Amnesty International has had a longstanding presence in Thailand and is committed to continuing to promote and protect human rights for people in the country despite calls for it to be expelled, the organization said today.
“As a global movement with operations in more than 70 countries and members in 150 countries and territories, no matter where we operate, our job remains the same: to prevent, monitor and hold states, corporations and others accountable for abuses of human rights under international law,” said Kyle Ward, Amnesty International’s Deputy Secretary General.
“We offer constructive recommendations to authorities on steps they can take to uphold their international human rights obligations. We will continue to do this independently and impartially on the basis of facts. In response to the anti-Amnesty campaign and related investigation, we continue to answer any questions the Thai government may have about our work in the country.
“While we recognize that the Royal Thai Government has a duty to protect public order and national security, we continue to highlight that authorities must do so in a manner that is in accordance with international human rights law, and that is proportionate, necessary and fulfills the government’s obligations to ensure and facilitate respect for human rights, including the rights to freedom of expression and peaceful assembly.

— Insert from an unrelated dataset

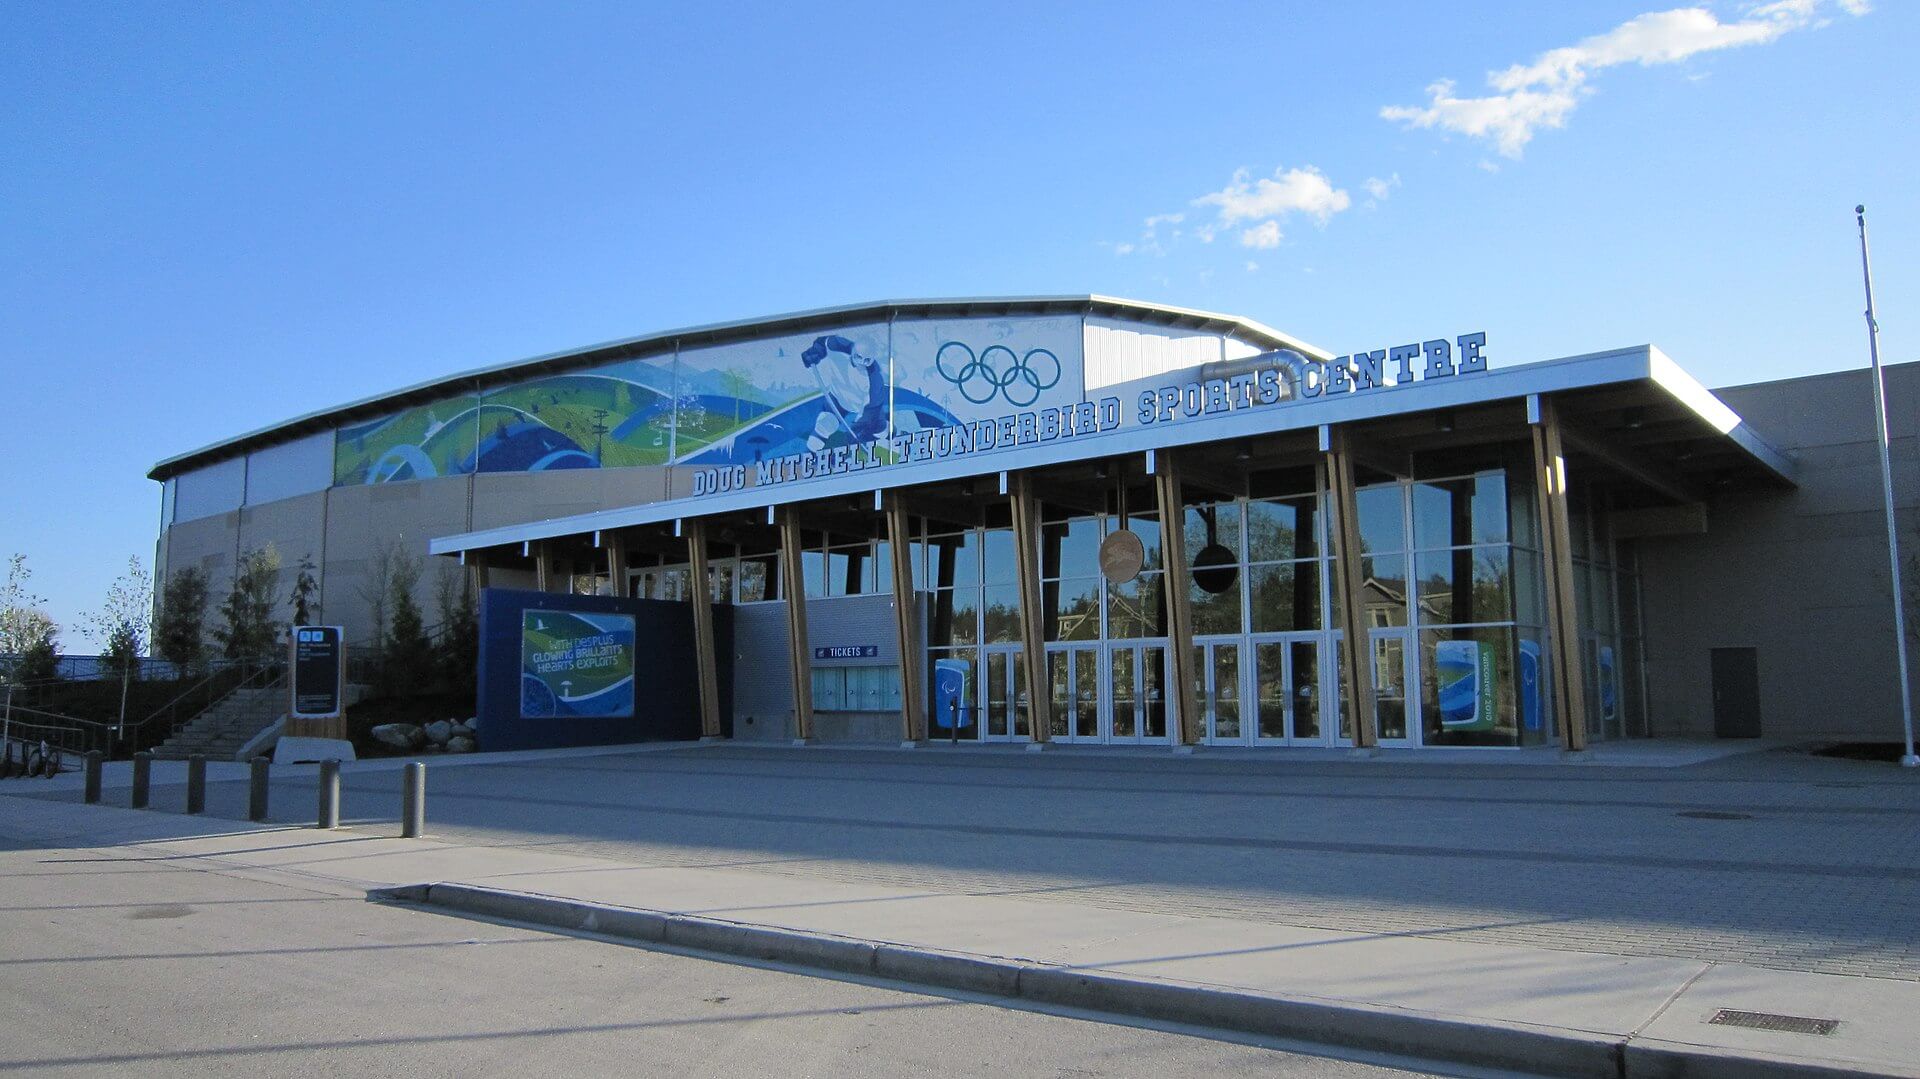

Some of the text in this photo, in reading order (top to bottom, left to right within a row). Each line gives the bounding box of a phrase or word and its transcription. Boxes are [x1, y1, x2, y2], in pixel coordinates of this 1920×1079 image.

“Amnesty International’s constructive recommendations for authorities to fulfill their human rights obligations derive from internationally agreed human rights standards that Thailand has committed to uphold.
“The anti-Amnesty campaign comes at a time when authorities are separately trying to pass a controversial law regulating non-profit organizations in the country. This NPO law could have severe consequences for all civil society in Thailand, and Amnesty has repeatedly called on the government to withdraw the bill and seek further consultation. The targeting of Amnesty is taking place against a backdrop of a growing intolerance for human rights discourse among Thai authorities.”
In November, a vice minister in the Prime Minister’s office made public calls for Amnesty International to be expelled from Thailand. The official has started an online petition, helped organize calls on social media and staged small protests.
The prime minister responded by announcing an investigation into Amnesty International Thailand on November 26.
The global Amnesty International movement is made up of the International Secretariat and a network of international members and national membership entities, including Amnesty International Thailand. Whilst Amnesty International Thailand and the International Secretariat are separate legal entities, they work closely together under the same Statute.